First, it was the euro dropping below parity during the summer. Then, the yen’s value got smashed as the USD/JPY pair went from near 100 in recent years to about 145 – with the last 20% of that move coming in very short order. Finally, the bears pounced on the British Pound. The “Cable,” as it’s known in the forex market, dropped to fresh all-time lows against the greenback, falling under a prior trough set back in 1985.
GBP/USD: Pound Falls From $1.22 to $1.04 in Three Months
Source: TradingView
Homing in on the domestic market, though, there are more signs that things are breaking. Consider that lumber futures have fallen to their lowest price since the first half of 2020, a key harbinger of economic activity, and an area that was once pressured by supply-chain woes. Commodity prices appear to be normalizing, to put a positive spin on things.

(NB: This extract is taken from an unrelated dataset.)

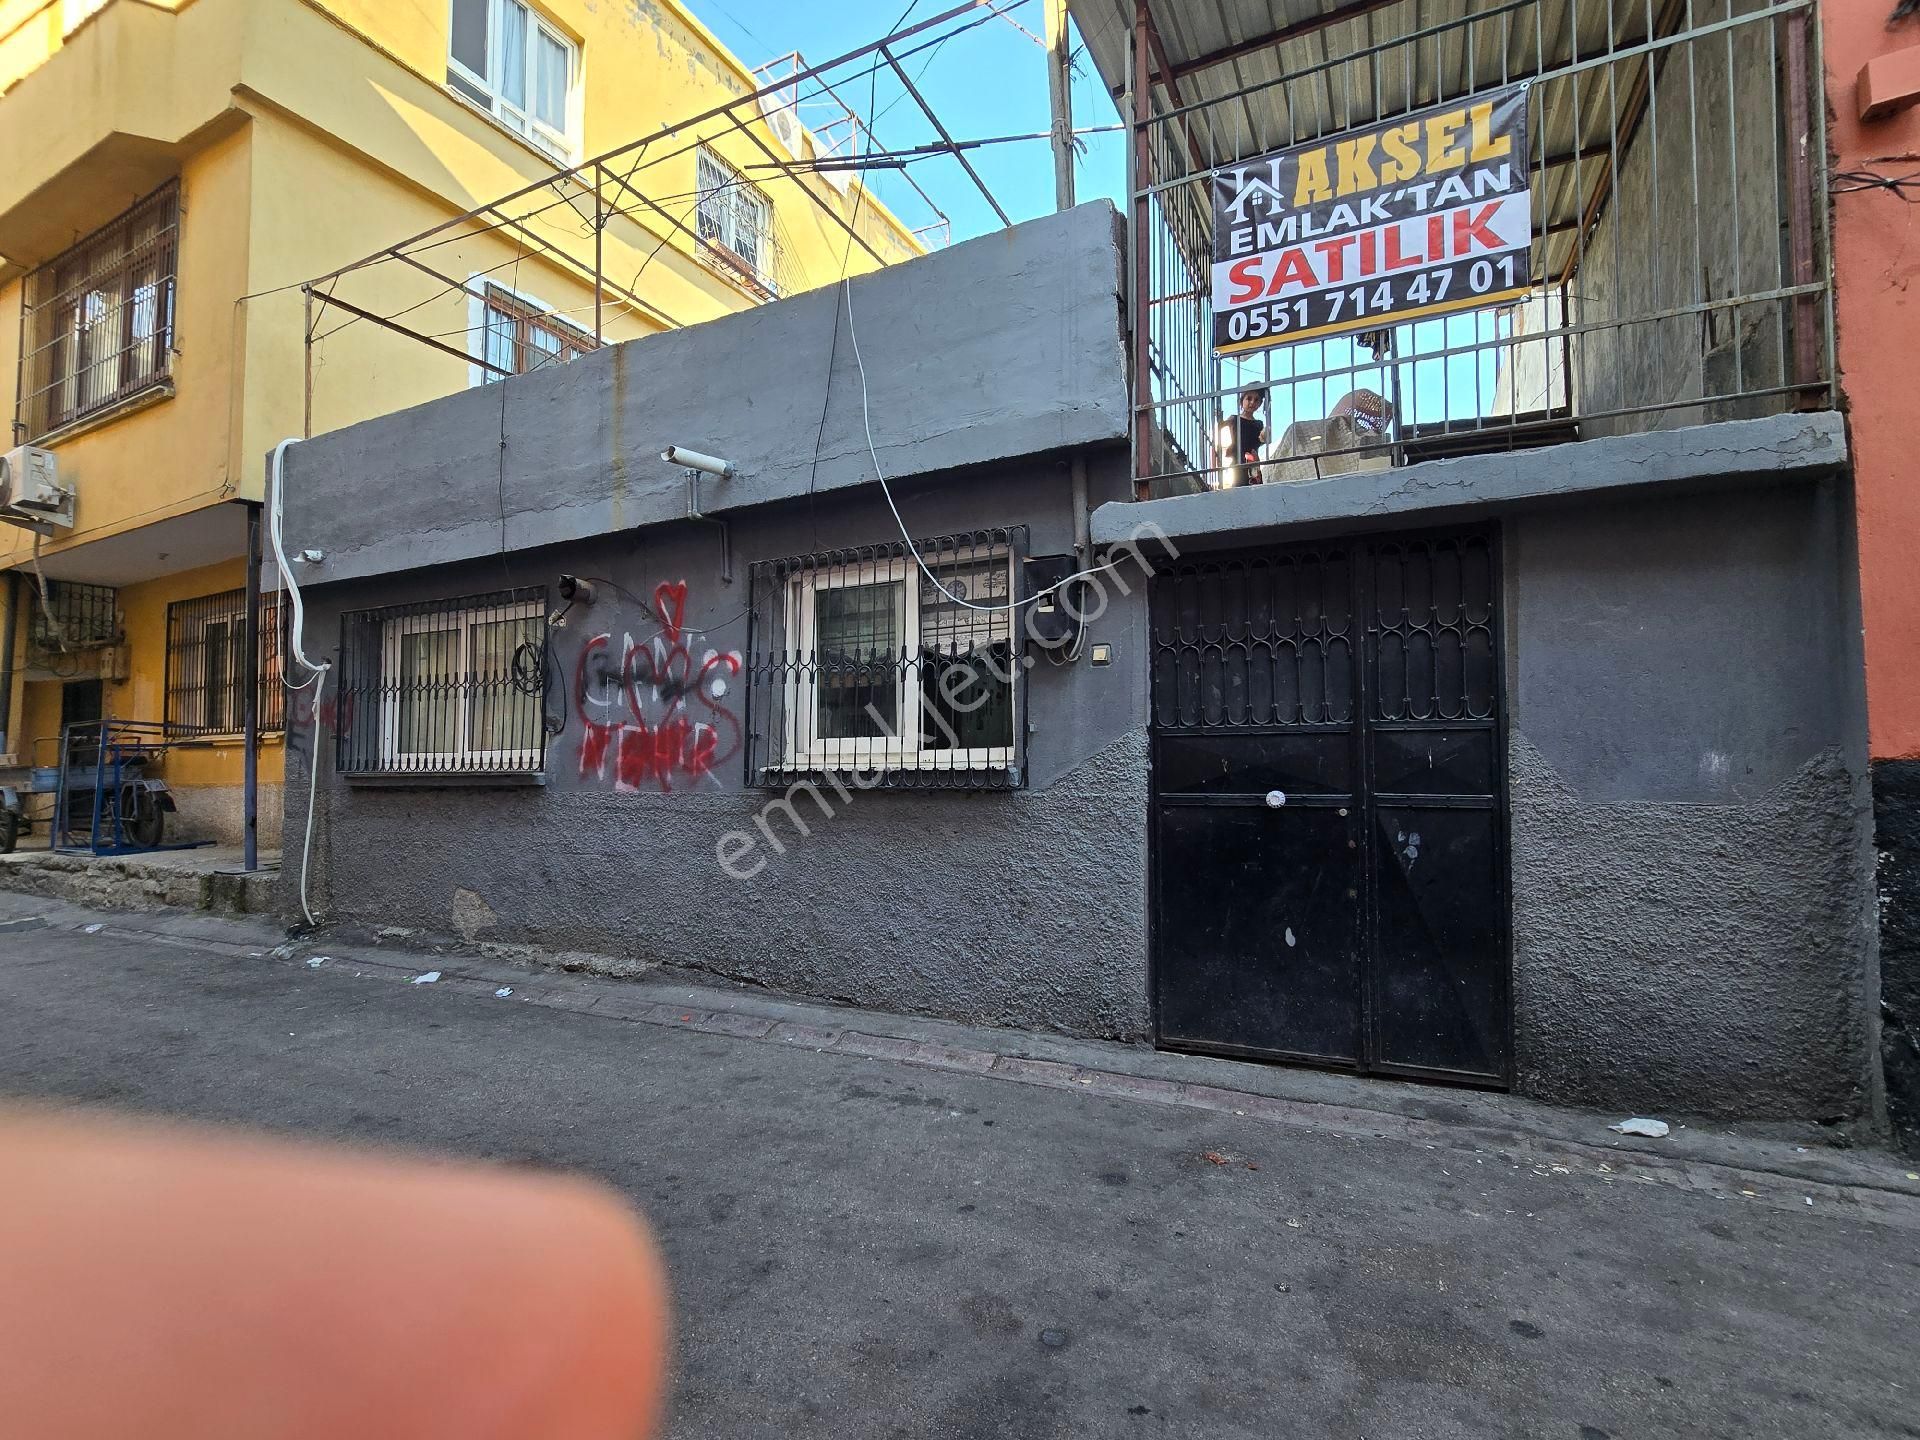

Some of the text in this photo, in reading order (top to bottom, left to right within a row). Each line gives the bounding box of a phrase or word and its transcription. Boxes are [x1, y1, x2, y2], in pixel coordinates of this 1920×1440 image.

Lumber Futures: Lowest Since June 2020
Source: TradingView
For real estate specifically, Zillow now reports that U.S. home value has declined for two straight months. That’s a sharp bearish reversal from massive monthly gains seen from the middle of 2020 through the first half of this year. And who knows what September’s reading will reveal given the massive surge in mortgage rates.
Zillow Home Value Index, Raw, August 2022: Home Prices Drop in July And August
Source: Zillow Economic Research
More bad news: On Monday, Mortgage News Daily reported that the average rate on a conventional 30-year fixed rate mortgage jumped to a whopping 6.87%. We have not seen that since the mid-2000s. It seems hard for the residential lending market to function with so many borrowers locked-in to exceptionally low mortgage rates. Moving from one house to another means refinancing to a potentially crippling rate.
Mortgage Rates Continue To Climb
Source: Mortgage News Daily
Is it time for the Fed to pivot? More 5%-plus advances in the U.S. Dollar Index over the course of just a few days might cause Chair Jerome Powell and the FOMC to reconsider such a hawkish stance. What’s depressing for the rest of the world is that the U.S. is essentially outsourcing inflation. After all, foreign nations feel higher commodity prices so much worse as their currencies drop in value.
Do I have you about ready to slit your wrist? Take heart. We are near one of the most bullish parts of the vaunted Presidential Election cycle. Moreover, with the VIX back into the 30s as of Monday afternoon, there are inklings of some solid panic in stocks. There’s legitimate panic in bonds with the 10-year Treasury up another 20 basis points near the high on Monday. As JPMorgan’s Marko Kolanovic said in a note, there are some signs of a bottom forming.
The Bottom Line
This too shall pass. It’s an old trading idiom that probably provides little solace to long-term investors today. We’ll see if Powell and the Fed pump the brakes on breaking parts of the global financial markets.
Disclaimer: Mike Zaccardi does not own any of the securities mentioned in this article.